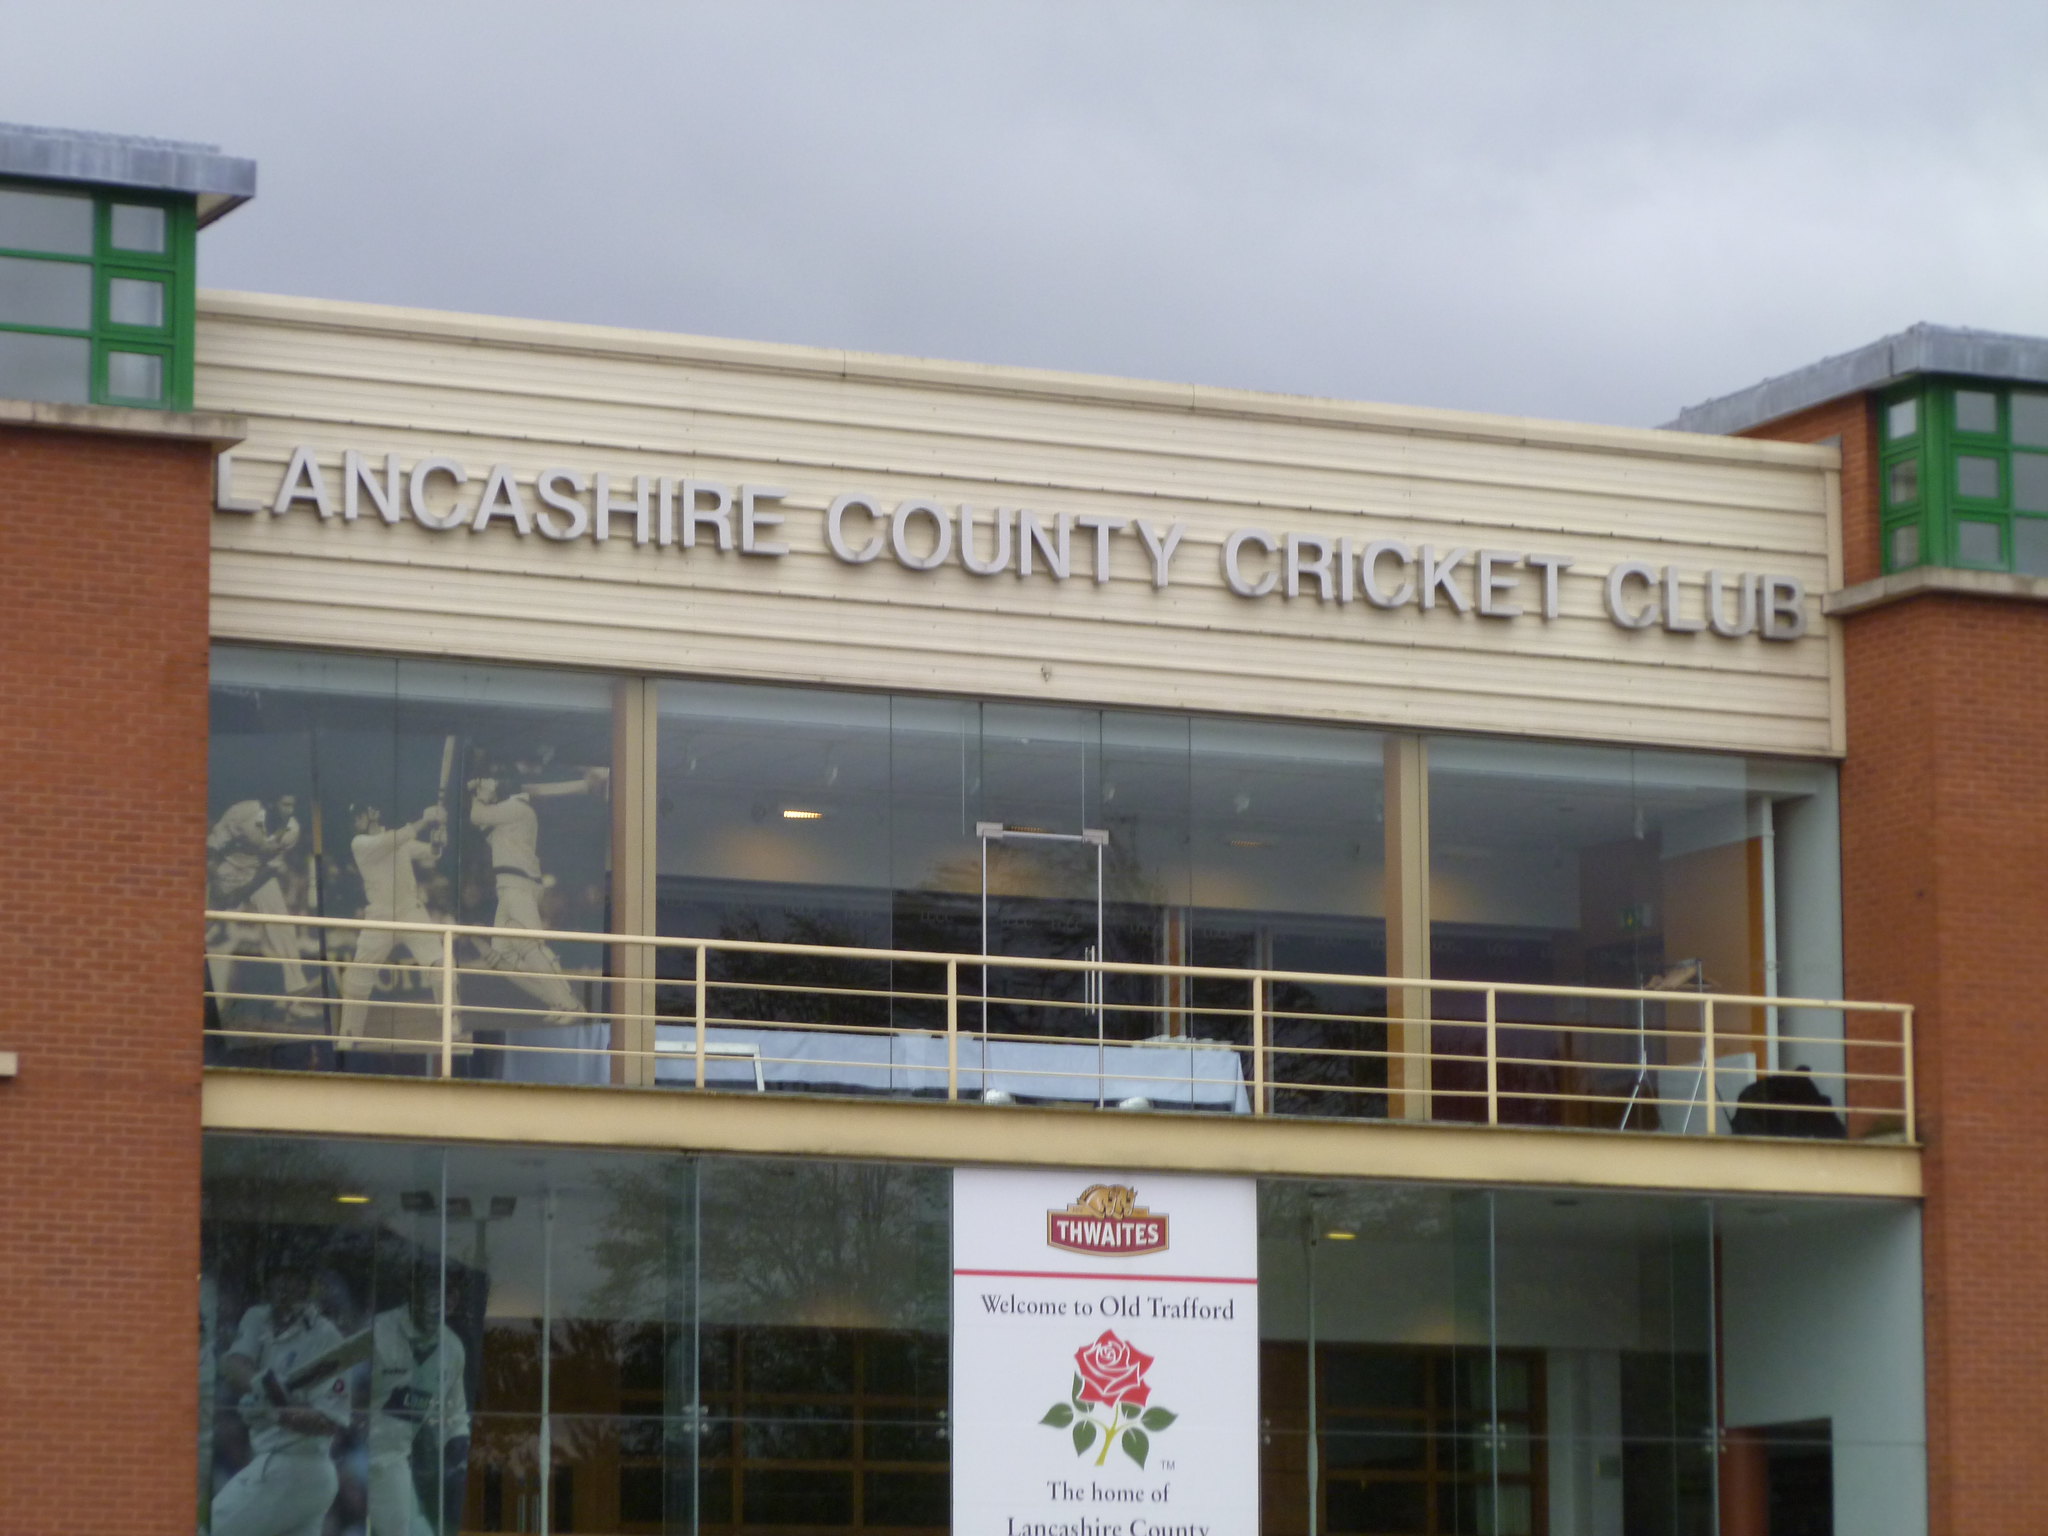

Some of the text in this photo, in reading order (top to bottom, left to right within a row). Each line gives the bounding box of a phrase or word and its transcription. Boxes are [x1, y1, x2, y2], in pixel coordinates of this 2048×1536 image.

[216, 445, 1808, 642] LANCASHIRE COUNTY CRICKET CLUB
[1056, 1219, 1160, 1247] THWAITES
[981, 1294, 1235, 1321] Welcome to Old Trafford
[1047, 1481, 1171, 1504] The home of
[1007, 1516, 1210, 1536] Lancashire County

------------------------------------------------

Problem: Write the lines above out again exactly, excluding every picture.

Finished exercise:
Some of the text in this photo, in reading order (top to bottom, left to right within a row). Each line gives the bounding box of a phrase or word and its transcription. Boxes are [x1, y1, x2, y2], in pixel coordinates of this 2048×1536 image.

[216, 445, 1808, 642] LANCASHIRE COUNTY CRICKET CLUB
[1056, 1219, 1160, 1247] THWAITES
[981, 1294, 1235, 1321] Welcome to Old Trafford
[1047, 1481, 1171, 1504] The home of
[1007, 1516, 1210, 1536] Lancashire County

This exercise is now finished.